Dynamic basal ganglia output signals license and suppress forelimb movements.

The basal ganglia are fundamental to motor control and their dysfunction is linked to motor deficits(1-8). Influential investigations on the primate oculomotor system posited that movement generally depends on transient pauses of tonically firing inhibitory basal ganglia output neurons releasing brainstem motor centres(9,10). However, prominent increases in basal ganglia output neuron firing observed during other motor tasks cast doubts on the proposed mechanisms of movement regulation through basal ganglia circuitry(11-22). Here we show that basal ganglia output neurons in the mouse substantia nigra pars reticulata (SNr) represent complex forelimb movements with highly granular and dynamic changes in spiking activity, tiling task execution at the population level.
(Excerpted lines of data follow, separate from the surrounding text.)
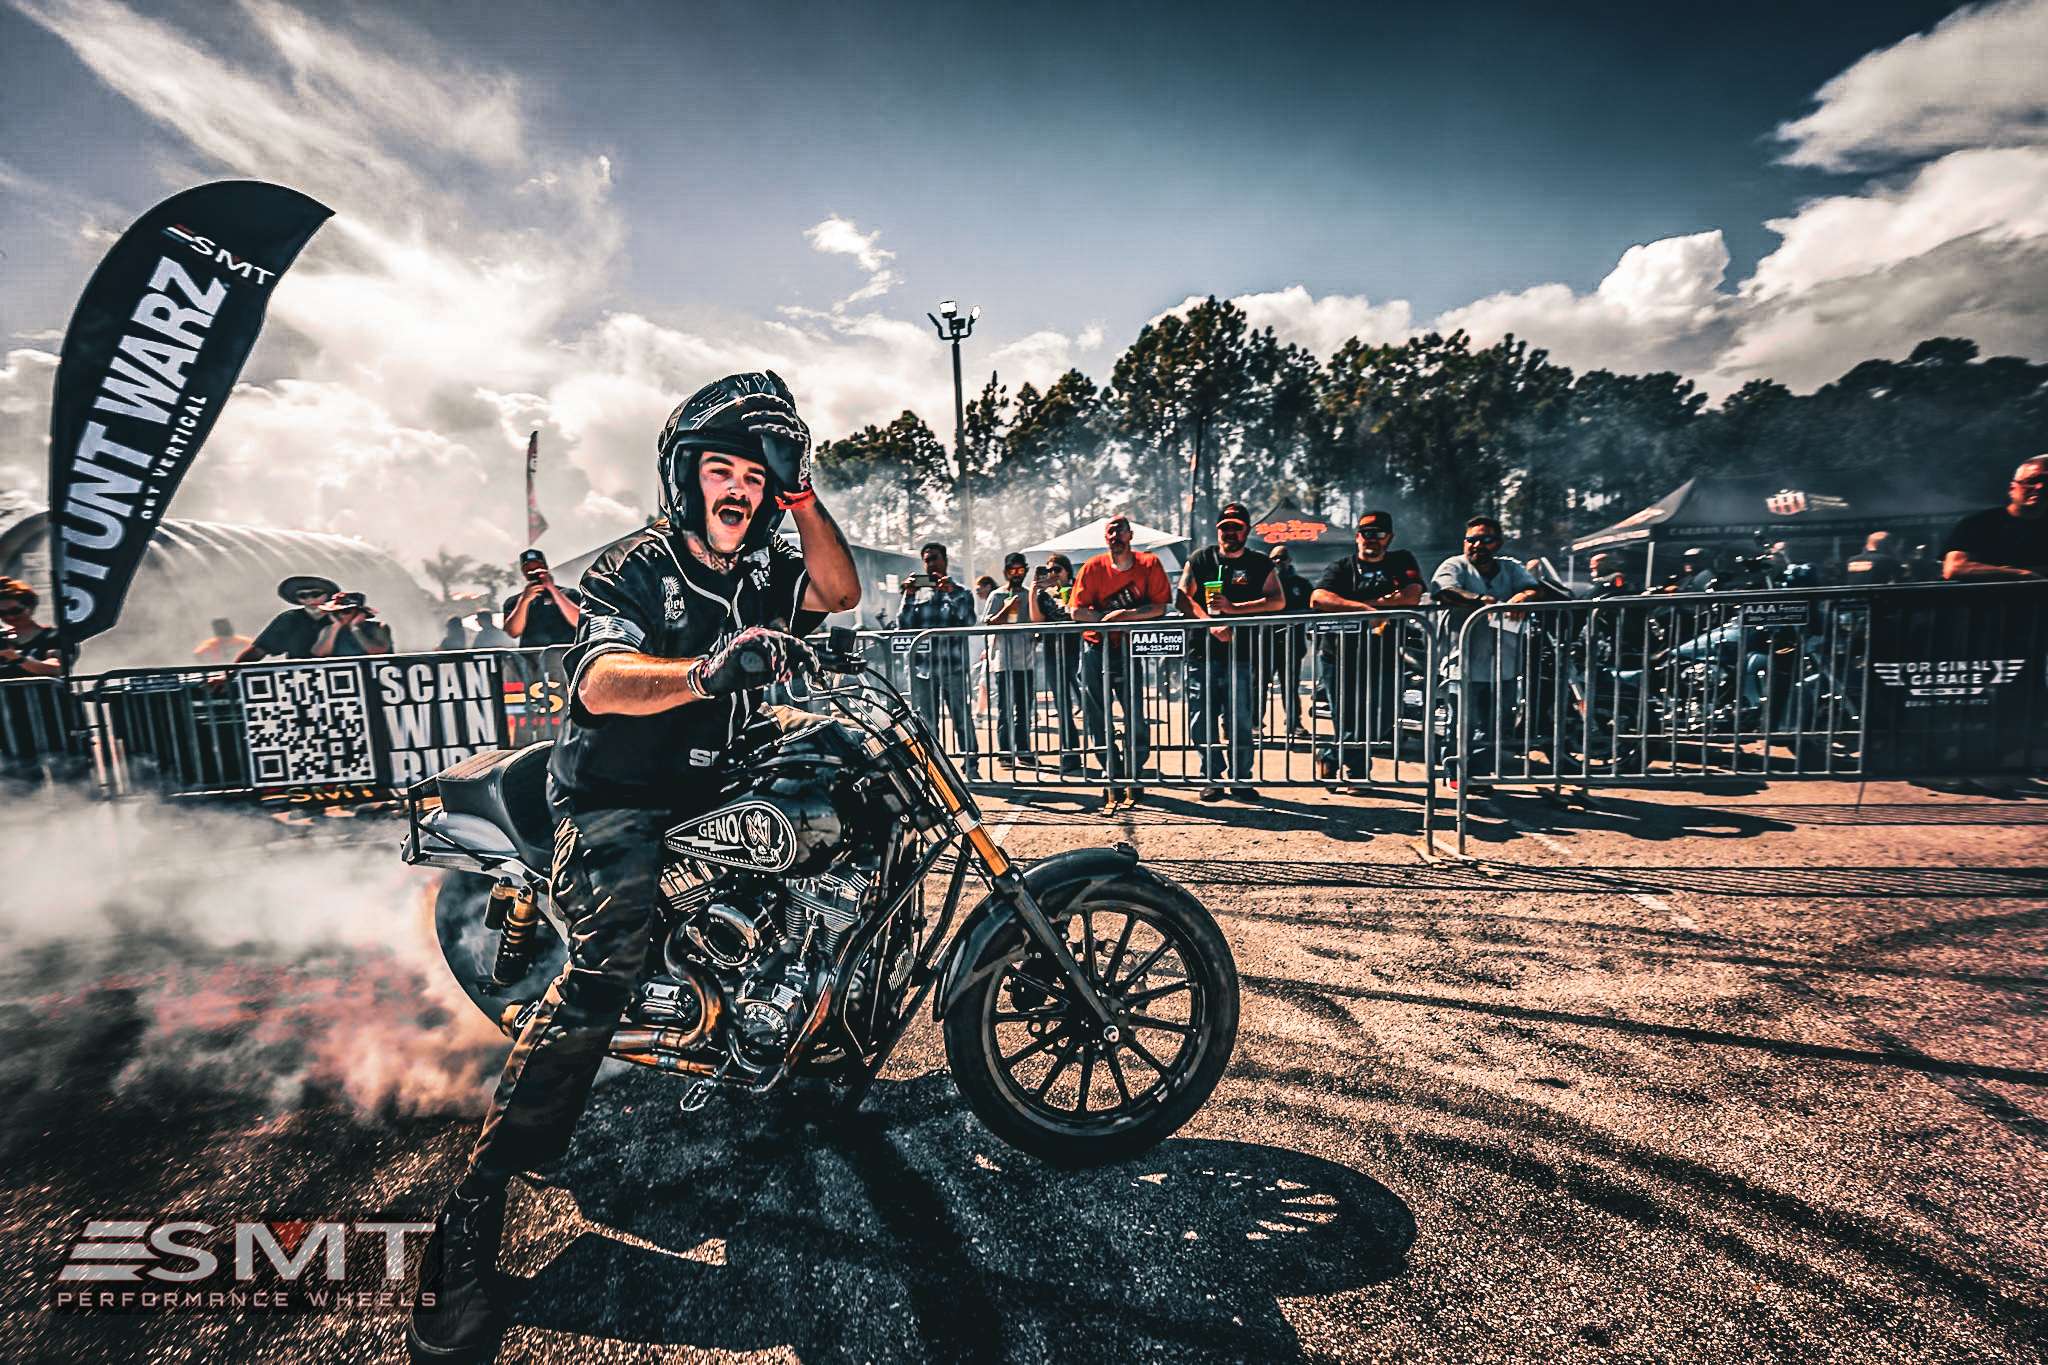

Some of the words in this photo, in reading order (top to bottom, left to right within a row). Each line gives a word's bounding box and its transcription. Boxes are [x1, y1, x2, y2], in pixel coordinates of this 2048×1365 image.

[190, 236, 276, 285] SMT
[94, 256, 229, 424] WARZ
[151, 396, 207, 477] VERTICAL
[1132, 633, 1158, 643] AAA
[1159, 633, 1183, 643] Fence
[379, 661, 492, 704] SCAN
[1906, 660, 1991, 673] ORGINAL
[1910, 673, 1983, 685] GARAGE
[382, 699, 498, 750] WIN
[389, 744, 499, 788] RI
[698, 813, 738, 844] GENO
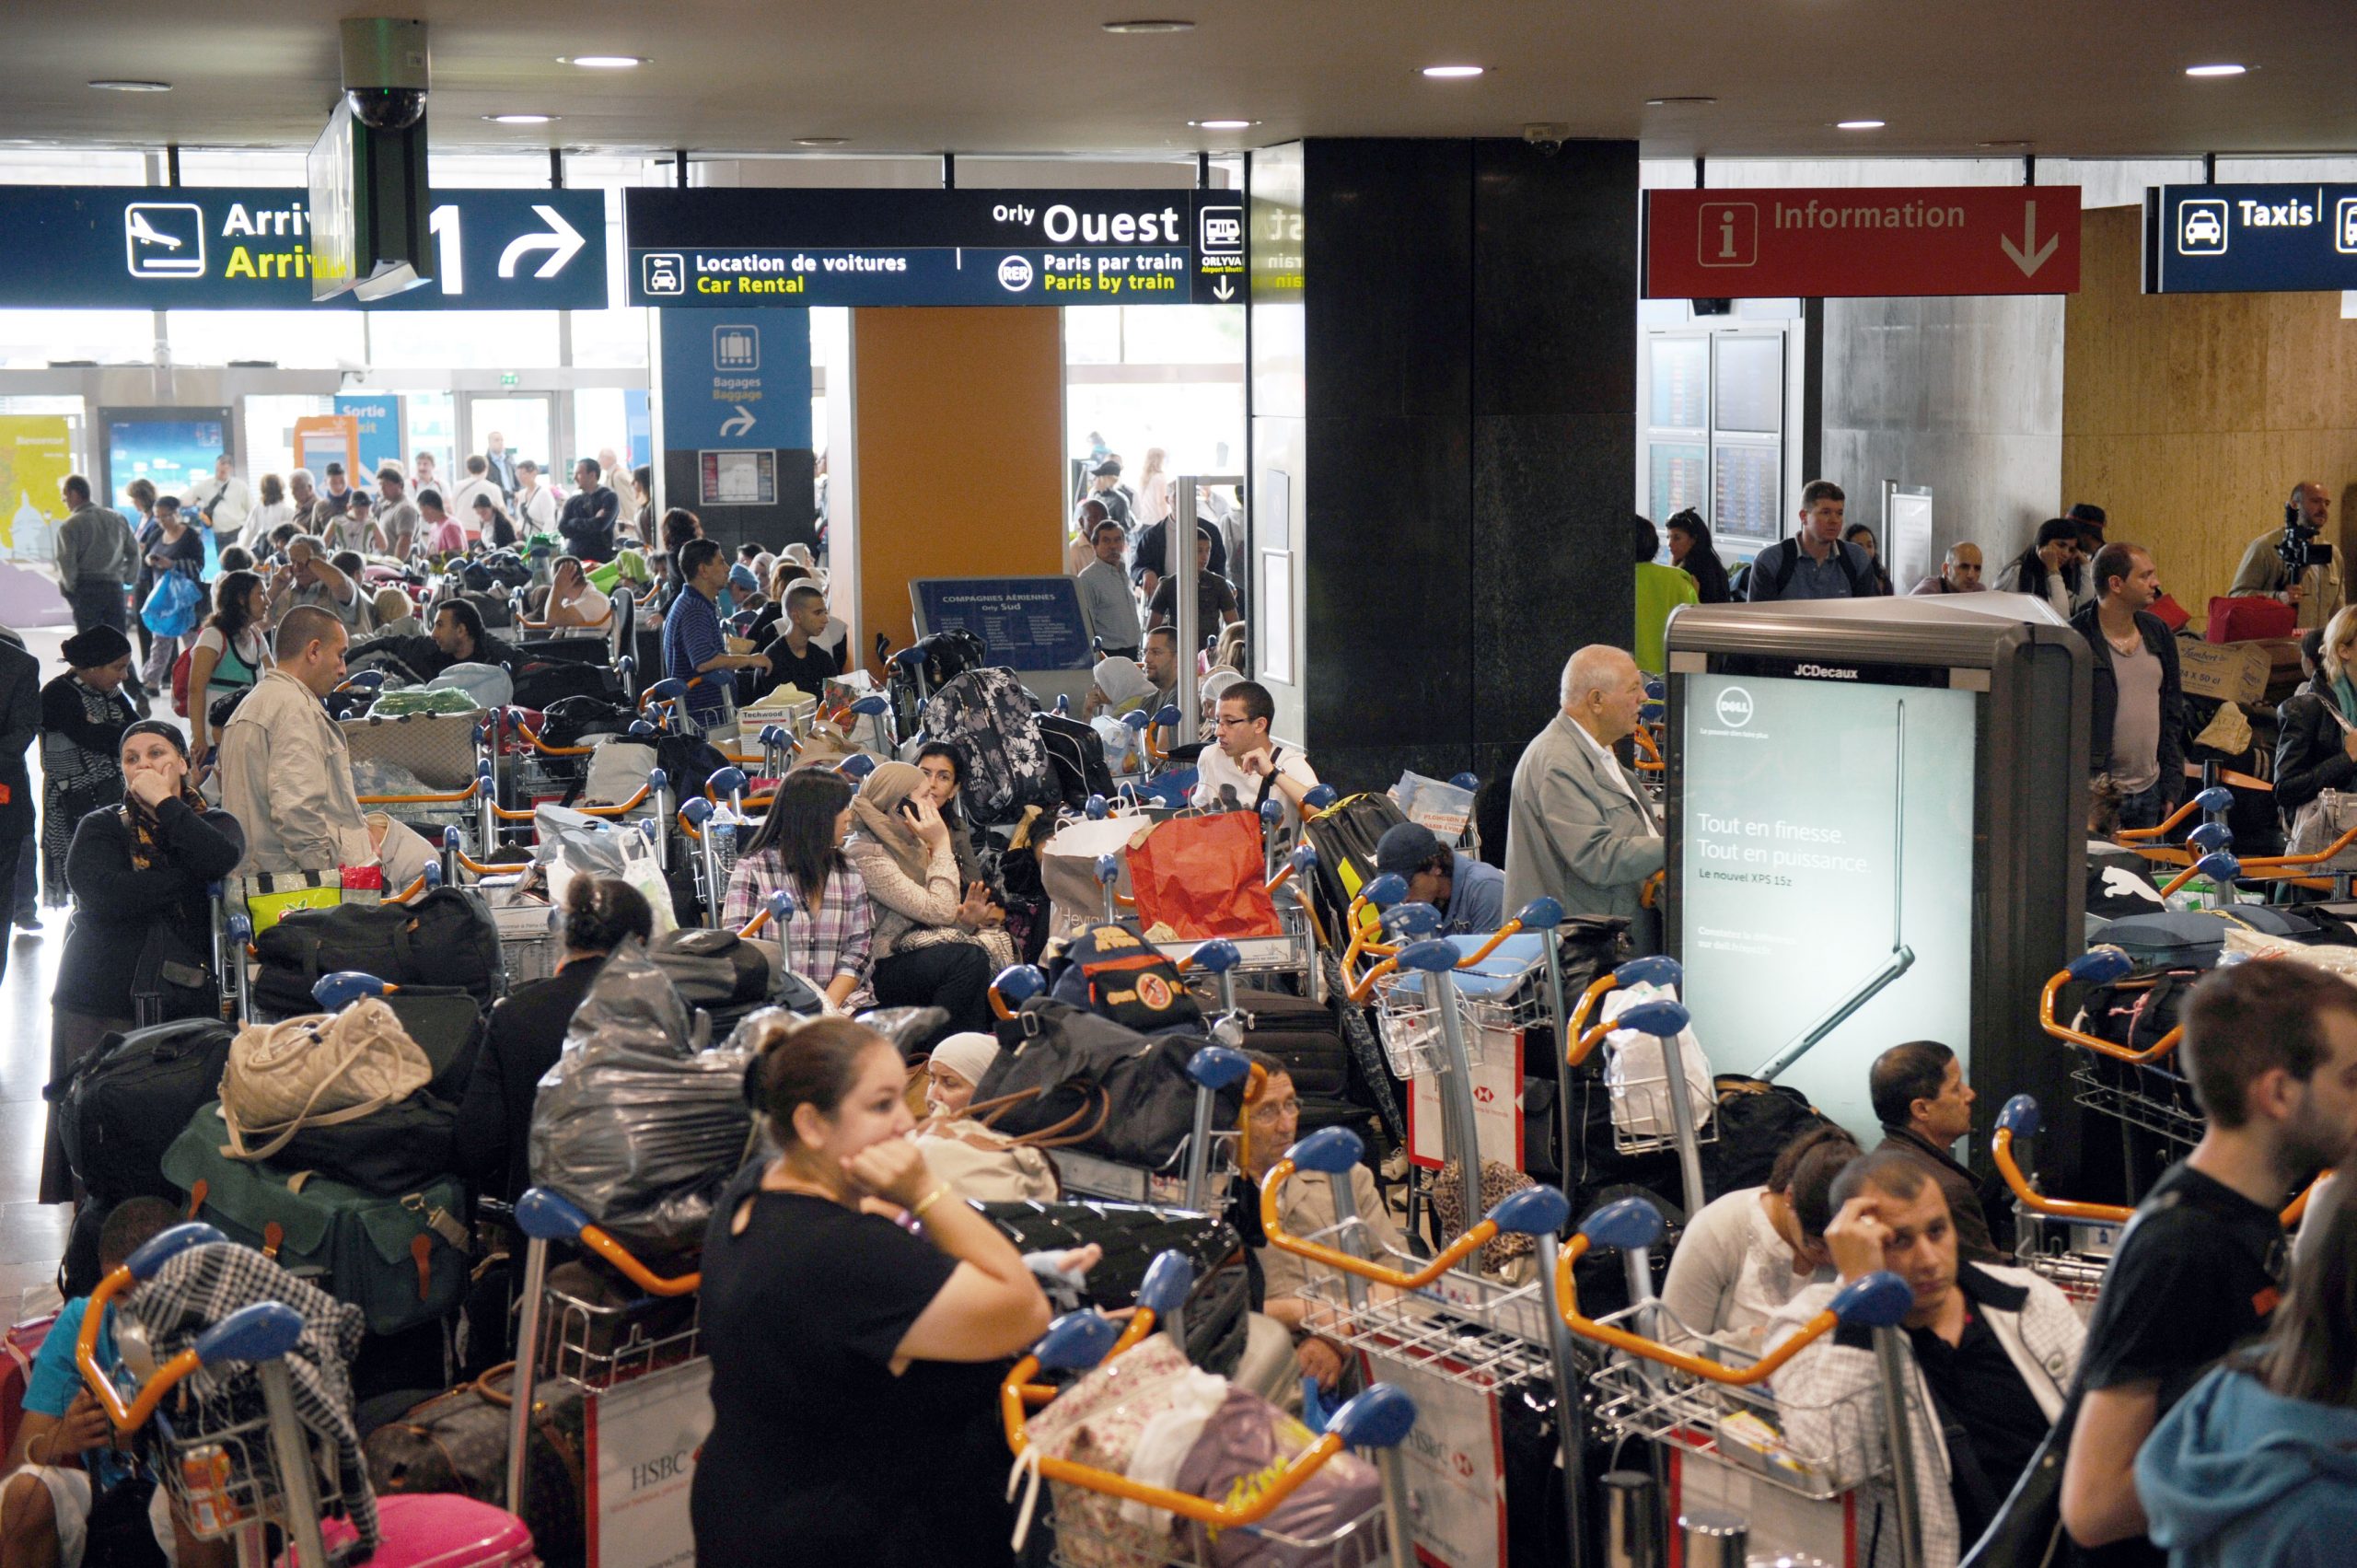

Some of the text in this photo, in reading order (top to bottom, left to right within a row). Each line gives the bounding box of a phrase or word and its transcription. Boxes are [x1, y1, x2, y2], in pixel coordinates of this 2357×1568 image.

[1775, 200, 1965, 229] Information
[2238, 199, 2313, 226] Taxis
[993, 203, 1179, 242] Orly Ouest
[222, 203, 463, 295] Arri 1
[696, 254, 907, 273] Location de voitures
[1044, 253, 1183, 274] Paris par train
[1002, 265, 1028, 281] RER
[697, 276, 804, 294] Car Rental
[1044, 273, 1175, 294] Paris by train
[713, 377, 761, 389] Bagages
[713, 389, 762, 401] Baggage
[342, 404, 386, 418] Sortie
[358, 422, 377, 434] xit
[942, 592, 1056, 603] COMPAGNIES AÉRIENNES
[981, 602, 1021, 612] Orly Sud
[1794, 664, 1858, 679] JCDecaux
[2200, 673, 2211, 682] 50
[1721, 700, 1749, 713] DELL
[1697, 812, 1846, 844] Tout en finesse.
[1697, 839, 1872, 874] Tout en puissance.
[1699, 868, 1793, 887] Le nouvel XPS 15z
[632, 1450, 688, 1491] HSBC
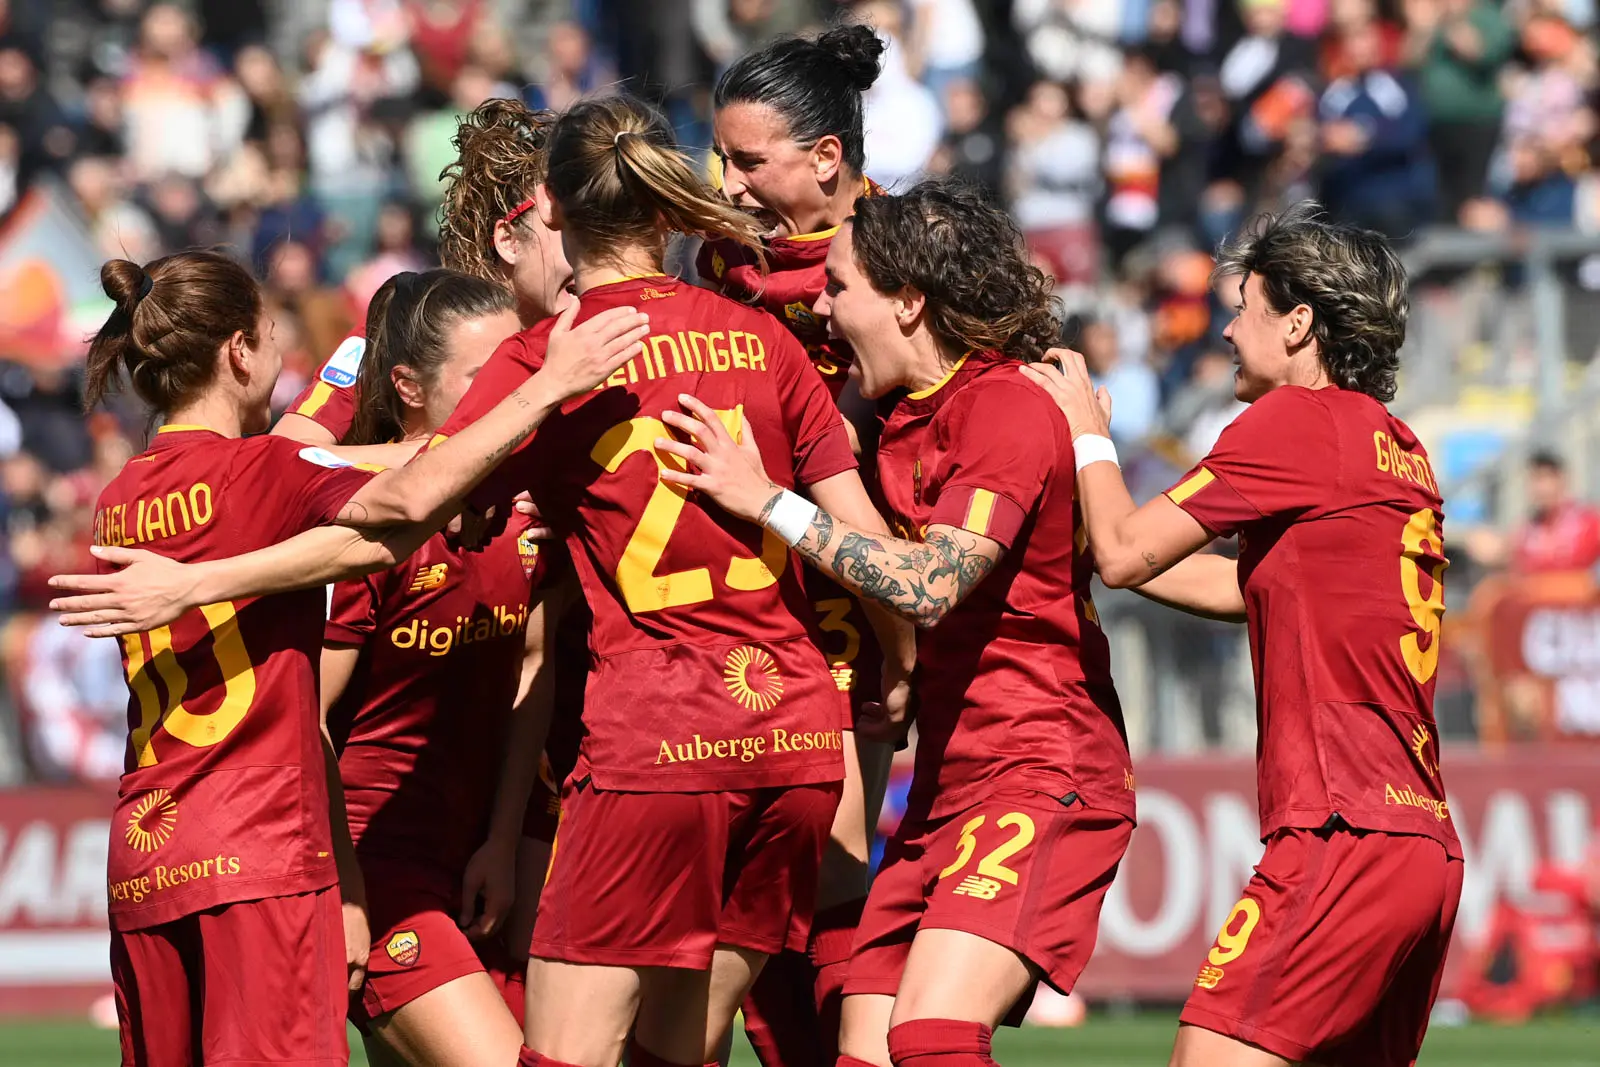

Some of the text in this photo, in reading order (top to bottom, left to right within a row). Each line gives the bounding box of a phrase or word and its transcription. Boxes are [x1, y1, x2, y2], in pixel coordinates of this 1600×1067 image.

Single SNr neurons exhibit movement-specific firing pauses as well as increases, each occurring in concert with precise and different forelimb movements. Combining optogenetics and simultaneous recordings from basal ganglia output and postsynaptic brainstem neurons, we reveal the functional role of these dynamic firing-rate changes in releasing and suppressing movement through downstream targets. Together, our results demonstrate the existence and function of highly specific and temporally precise movement representations in basal ganglia output circuitry. We propose a model in which basal ganglia output neurons fire dynamically to provide granular and bidirectional movement-specific signals for release and suppression of motor programs to downstream circuits.